Vibration Does Not Affect Short Term Outcomes Following Traumatic Brain Injury in a Porcine Model

Traumatic brain injury (TBI) has become increasingly prevalent among the injuries sustained in the military. Many wounded warriors require emergency medical evacuation via helicopter and subsequently fixed wing transport. During aeromedical evacuation, both pilots and patients experience whole body vibration due to engine, rotor, and propeller rotation. The impact of posttraumatic vibration and hypoxia exposure characteristic of the aeromedical evacuation environment on TBI is currently unknown.

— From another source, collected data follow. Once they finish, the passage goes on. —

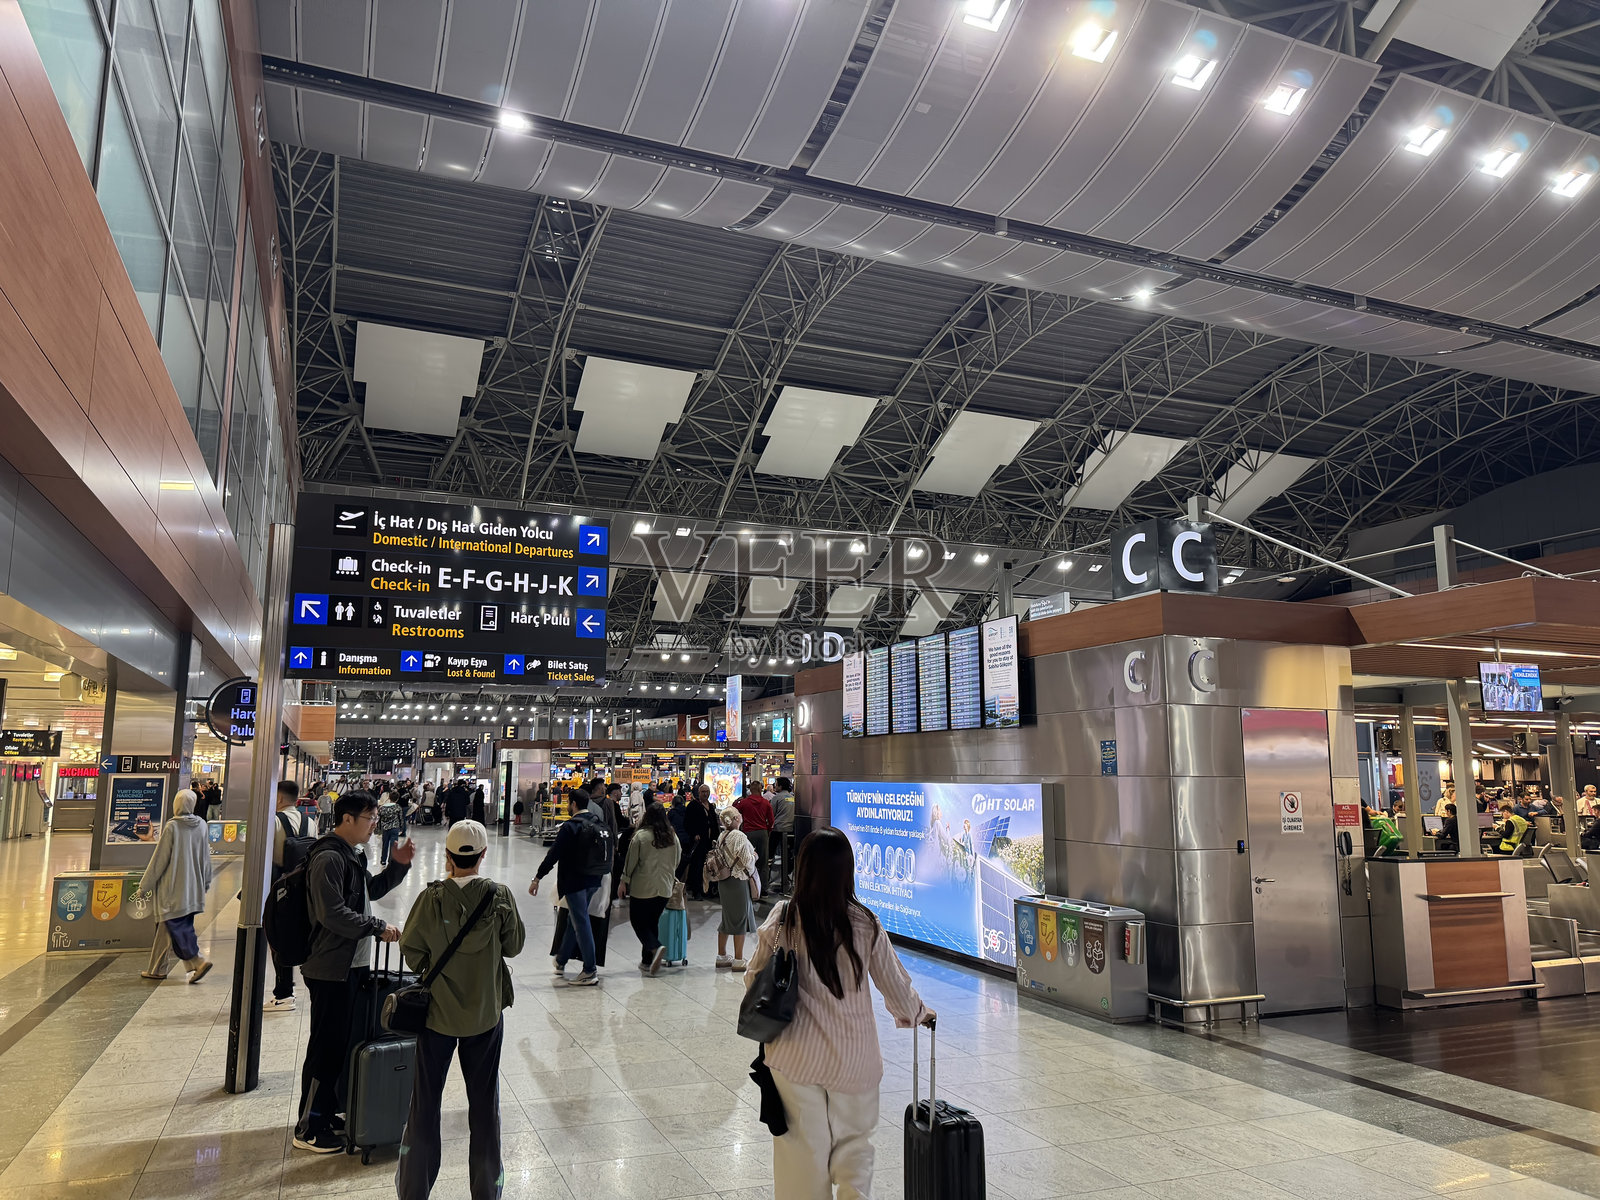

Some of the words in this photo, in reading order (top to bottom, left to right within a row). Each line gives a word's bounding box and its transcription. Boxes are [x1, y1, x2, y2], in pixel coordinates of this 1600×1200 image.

[373, 511, 386, 530] İç
[390, 515, 414, 529] Hat
[417, 517, 424, 530] /
[427, 518, 448, 534] Dış
[452, 520, 476, 534] Hat
[479, 522, 517, 537] Giden
[520, 526, 553, 540] Yolcu
[373, 532, 428, 548] Domestic
[431, 536, 436, 548] /
[439, 537, 511, 554] International
[515, 543, 574, 558] Departures
[1122, 532, 1148, 584] C
[1172, 531, 1204, 582] C
[371, 559, 431, 574] Check-in
[370, 577, 430, 592] Check-in
[438, 567, 574, 596] E-F-G-H-J-K
[393, 605, 462, 620] Tuvaletler
[511, 611, 540, 627] Harç
[543, 613, 570, 626] Pulu
[392, 623, 465, 638] Restrooms
[824, 632, 845, 662] D
[338, 653, 378, 664] Danışma
[447, 656, 469, 667] Kayıp
[470, 657, 488, 668] Eşya
[547, 660, 566, 670] Bilet
[568, 661, 588, 672] Satış
[338, 665, 391, 676] Information
[447, 668, 464, 677] Lost
[465, 669, 471, 677] &
[473, 669, 496, 678] Found
[547, 672, 572, 681] Ticket
[574, 673, 595, 681] Sales
[1124, 650, 1147, 692] C
[1187, 650, 1217, 692] C
[230, 725, 255, 736] Pulu
[483, 732, 491, 743] F
[507, 726, 515, 738] E
[427, 749, 435, 757] G
[139, 760, 160, 770] Harç
[162, 761, 180, 769] Pulu
[846, 789, 883, 804] TÜRKİYE'NİN
[884, 791, 925, 807] GELECEĞİNİ
[987, 798, 1002, 811] HT
[1003, 798, 1035, 812] SOLAR
[856, 807, 914, 822] AYDINLATIYORUZ!

Methods: A swine TBI model of controlled cortical impact was utilized. The pigs first underwent TBI or sham injury and were subsequently exposed to vibration or no vibration and hypoxia or normoxia for 2 hours. They were monitored for an additional 4 hours following vibration/hypoxia and blood was drawn at hourly intervals for cytokine and serum biomarker analysis. Continuous physiologic and neurologic monitoring were utilized. Prior to the conclusion of the experiment, the animals underwent brain magnetic resonance imaging. At the end of the study, the brain was extracted for histologic analysis. Results: Physiologic parameters except for peripheral capillary oxygen saturation (SpO₂) were similar between all groups. The hypoxia groups demonstrated the expected decrease in SpO₂ and pO₂ during the hypoxic period, and this was sustained throughout the study period. The pH, pCO₂ and electrolytes were similar among all groups. Neuron specific enolase was increased over time in the TBI group, however it was similar to the sham TBI group at all time points. There were no differences in IL-1β, IL-6, IL-8, TNFα, GFAP, HIF1α, syndecan-1, or S100β serum levels between groups. The mean ICP during cortical impact in the TBI group was 279.8 ± 56.2 mmHg. However, the postinjury ICP was not different between groups at any subsequent time point. Brain tissue oxygenation and perfusion were similar between all groups. Conclusion: In this novel study evaluating the effect of vibration on short-term outcomes following TBI, we demonstrate that the moderate vibration and hypoxia simulating aeromedical evacuation do not impact short term outcomes following TBI.